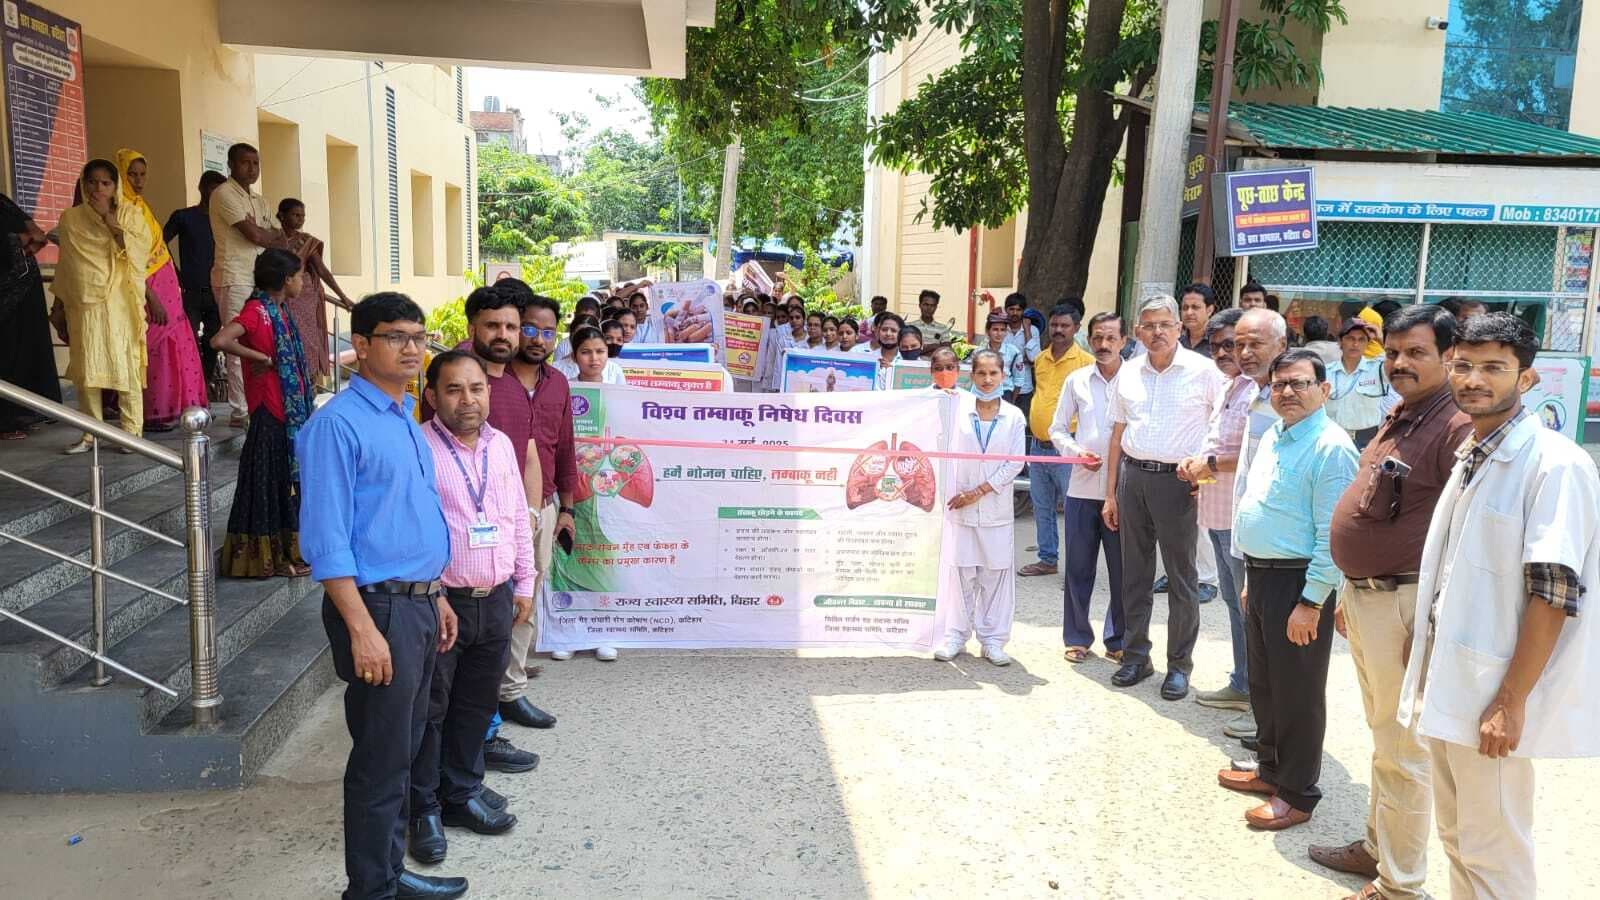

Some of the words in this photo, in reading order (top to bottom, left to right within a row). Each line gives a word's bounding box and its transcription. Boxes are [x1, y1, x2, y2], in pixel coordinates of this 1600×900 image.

[1337, 201, 1353, 213] में
[1354, 203, 1403, 215] सहयोग
[1407, 203, 1421, 215] के
[1426, 203, 1452, 216] लिए
[1456, 207, 1488, 217] पहल
[1502, 206, 1531, 220] Mob
[1543, 207, 1600, 222] 8340171
[642, 402, 687, 420] विश्व
[693, 405, 755, 427] तम्बाकू
[758, 404, 809, 422] निषेध
[814, 405, 863, 424] दिवस
[771, 469, 814, 484] तम्बाकू
[615, 598, 641, 607] राज्य
[645, 597, 684, 607] स्वास्थ्य
[687, 594, 727, 606] समिति,
[731, 594, 761, 606] बिहार
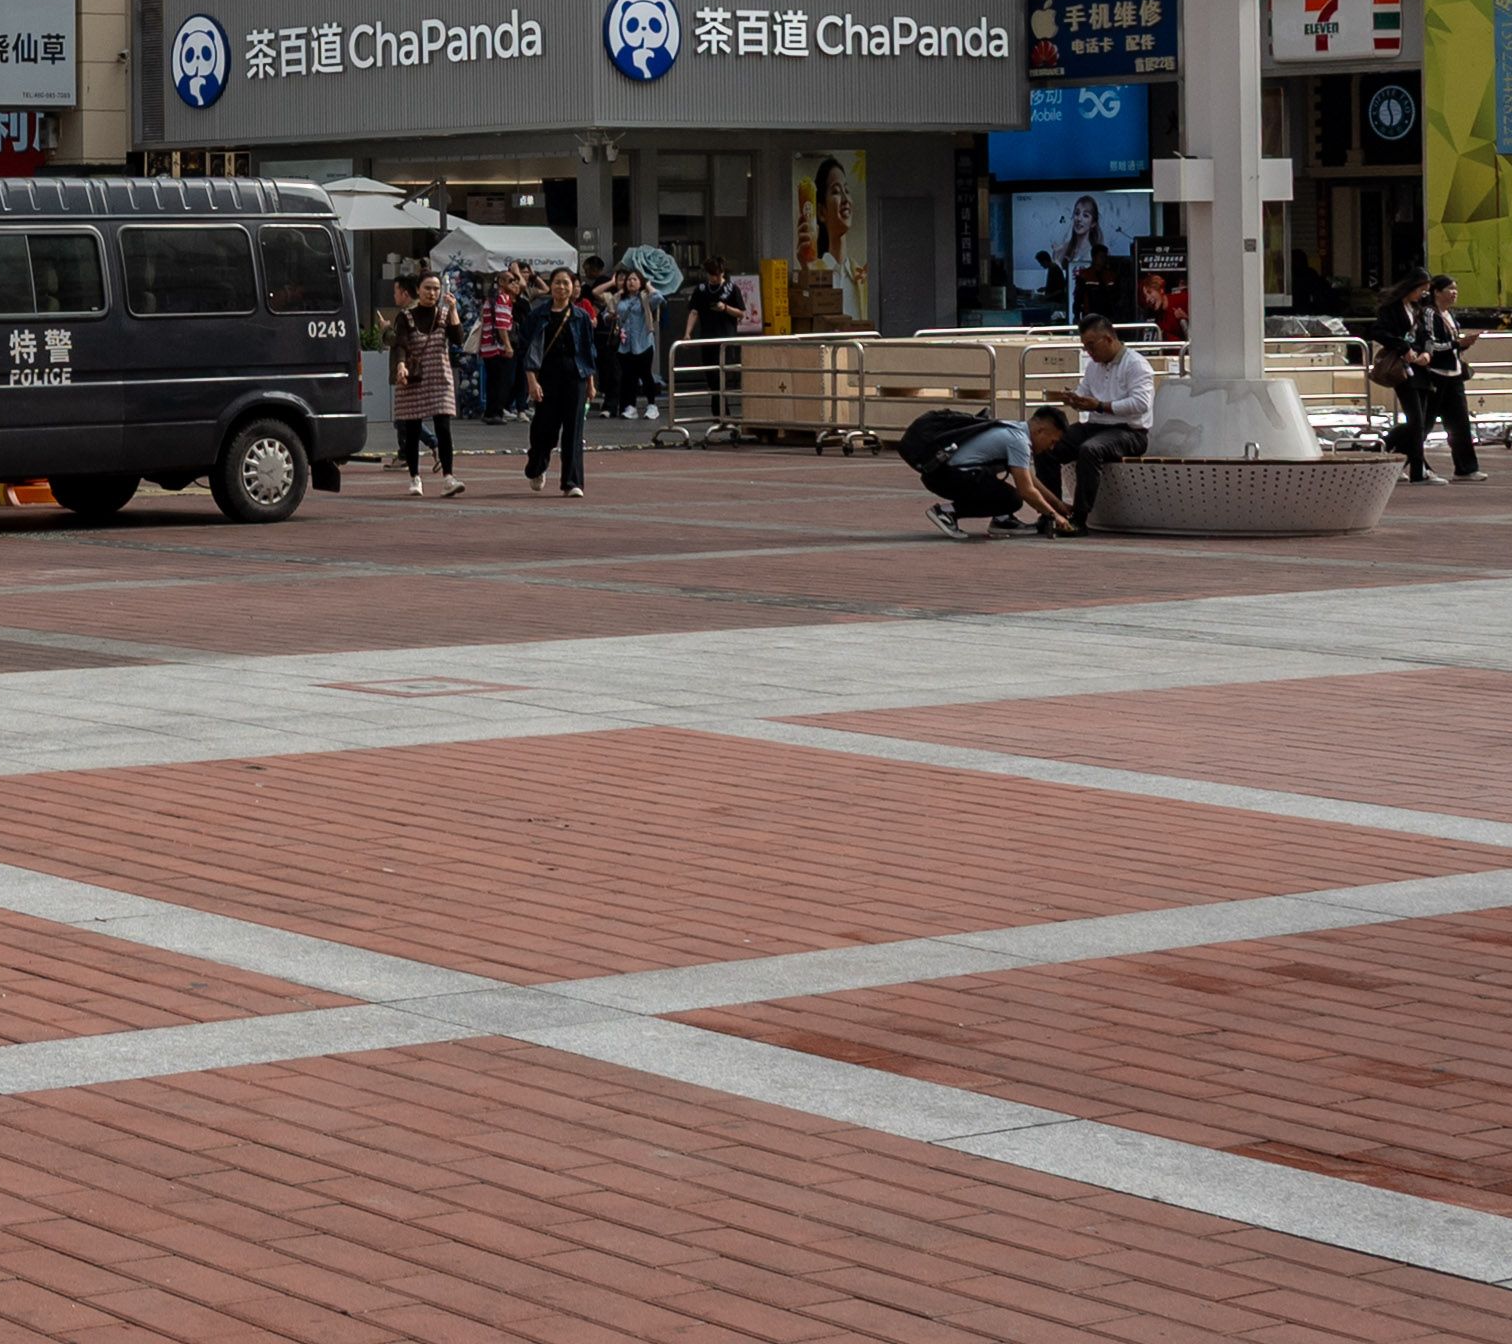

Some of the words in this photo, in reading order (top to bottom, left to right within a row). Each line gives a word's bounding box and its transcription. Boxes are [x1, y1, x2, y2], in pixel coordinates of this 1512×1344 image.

[1064, 0, 1163, 32] 手机维修
[245, 21, 343, 80] 茶百道
[348, 8, 542, 69] ChaPanda
[695, 7, 809, 58] 茶百道
[816, 14, 1010, 58] ChaPanda
[1071, 38, 1115, 55] 电话卡
[1124, 34, 1156, 53] 配件
[1078, 87, 1122, 119] 5G
[307, 319, 347, 339] 0243
[9, 329, 73, 365] 特警
[9, 367, 73, 386] POLICE

***

Output the records exactly as they appear, skipping any pictures.

Some of the words in this photo, in reading order (top to bottom, left to right within a row). Each line gives a word's bounding box and its transcription. Boxes are [x1, y1, x2, y2], in pixel coordinates of this 1600×900 image.

[1337, 201, 1353, 213] में
[1354, 203, 1403, 215] सहयोग
[1407, 203, 1421, 215] के
[1426, 203, 1452, 216] लिए
[1456, 207, 1488, 217] पहल
[1502, 206, 1531, 220] Mob
[1543, 207, 1600, 222] 8340171
[642, 402, 687, 420] विश्व
[693, 405, 755, 427] तम्बाकू
[758, 404, 809, 422] निषेध
[814, 405, 863, 424] दिवस
[771, 469, 814, 484] तम्बाकू
[615, 598, 641, 607] राज्य
[645, 597, 684, 607] स्वास्थ्य
[687, 594, 727, 606] समिति,
[731, 594, 761, 606] बिहार

Some of the words in this photo, in reading order (top to bottom, left to right within a row). Each line gives a word's bounding box and its transcription. Boxes are [x1, y1, x2, y2], in pixel coordinates of this 1512×1344 image.

[1064, 0, 1163, 32] 手机维修
[245, 21, 343, 80] 茶百道
[348, 8, 542, 69] ChaPanda
[695, 7, 809, 58] 茶百道
[816, 14, 1010, 58] ChaPanda
[1071, 38, 1115, 55] 电话卡
[1124, 34, 1156, 53] 配件
[1078, 87, 1122, 119] 5G
[307, 319, 347, 339] 0243
[9, 329, 73, 365] 特警
[9, 367, 73, 386] POLICE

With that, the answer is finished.